(Data entries)
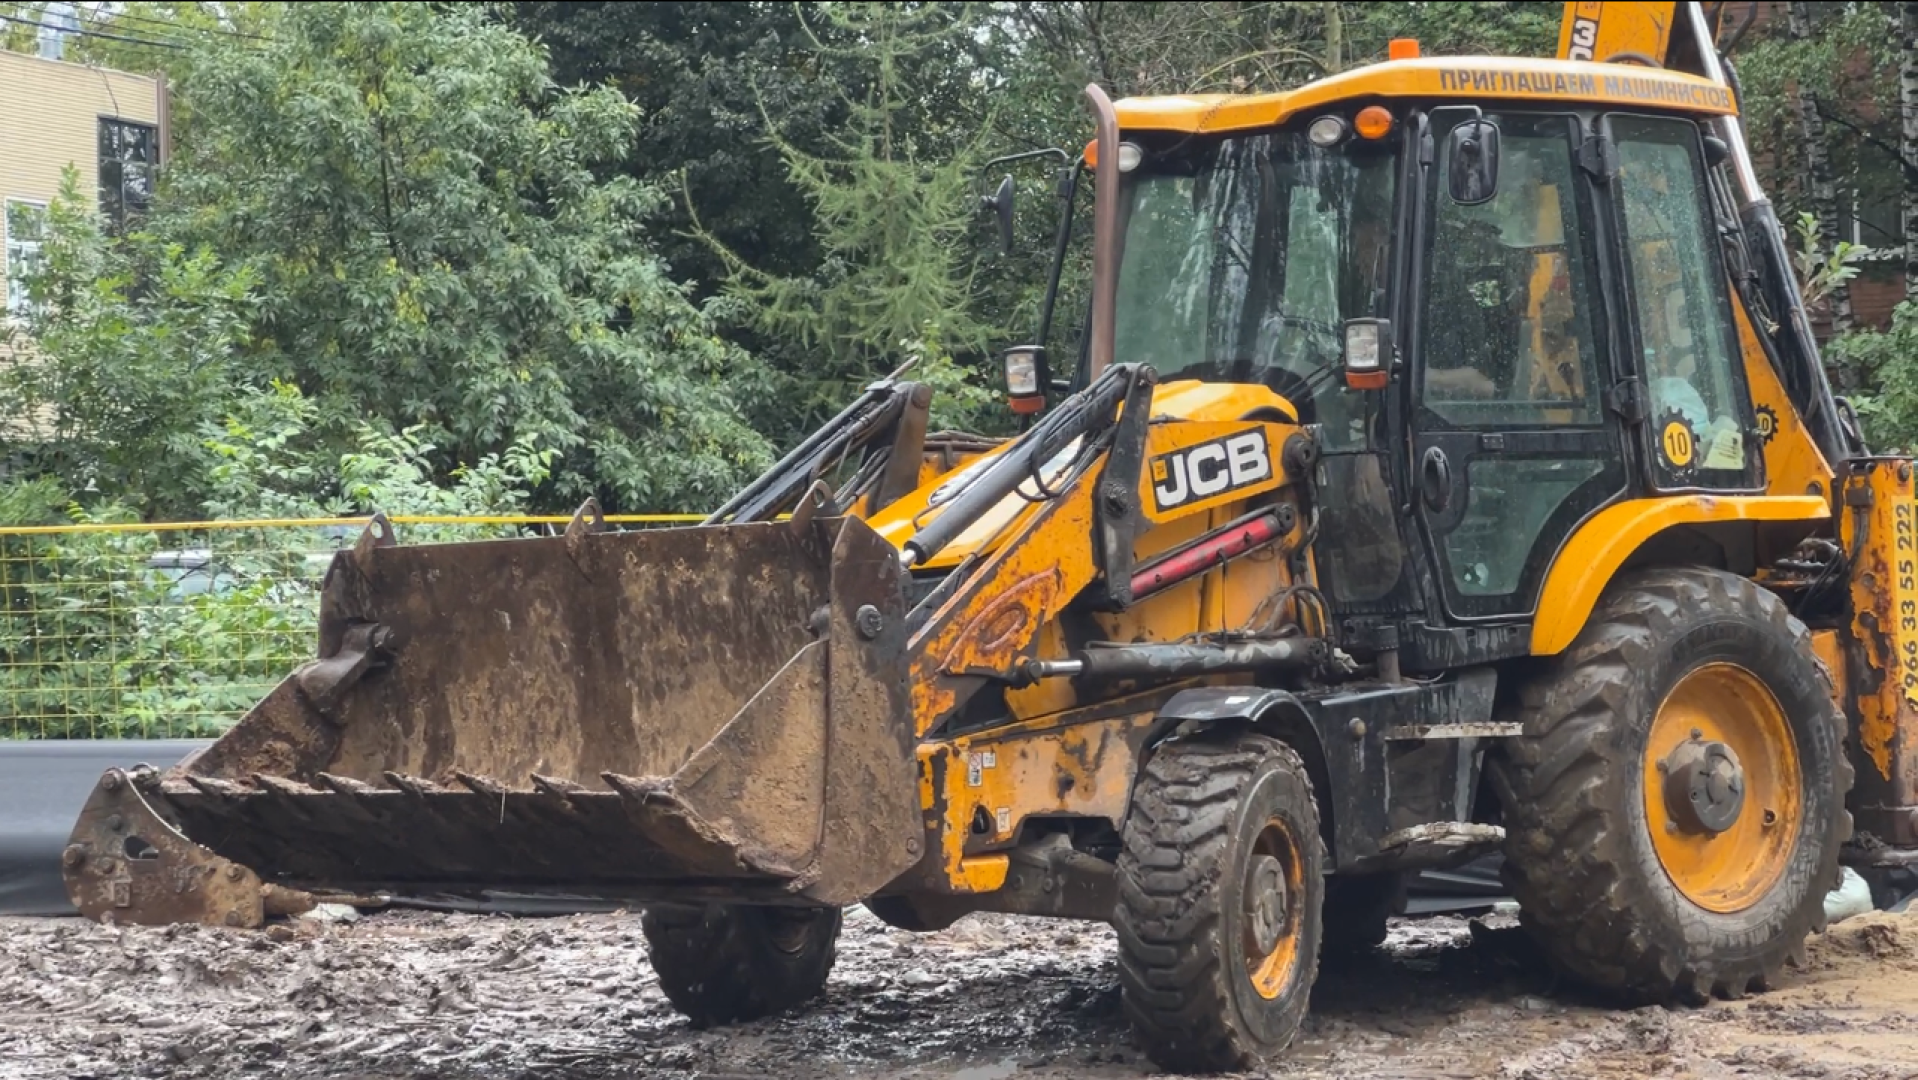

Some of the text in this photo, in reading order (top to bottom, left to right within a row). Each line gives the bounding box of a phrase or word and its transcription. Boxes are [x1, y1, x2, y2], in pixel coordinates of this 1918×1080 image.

[1440, 69, 1731, 107] ПРИГЛАШАЕМ МАШИНИСТОВ
[1668, 431, 1689, 457] 10
[1156, 432, 1269, 506] JCB
[1896, 503, 1912, 550] 222
[1898, 559, 1915, 591] 55
[1901, 600, 1917, 631] 33
[1903, 640, 1918, 688] 966

TASK PROMPT
Write the lines above out again exactly, without any of their pictures.

COMPLETED TASK
Some of the text in this photo, in reading order (top to bottom, left to right within a row). Each line gives the bounding box of a phrase or word and its transcription. Boxes are [x1, y1, x2, y2], in pixel coordinates of this 1918×1080 image.

[1440, 69, 1731, 107] ПРИГЛАШАЕМ МАШИНИСТОВ
[1668, 431, 1689, 457] 10
[1156, 432, 1269, 506] JCB
[1896, 503, 1912, 550] 222
[1898, 559, 1915, 591] 55
[1901, 600, 1917, 631] 33
[1903, 640, 1918, 688] 966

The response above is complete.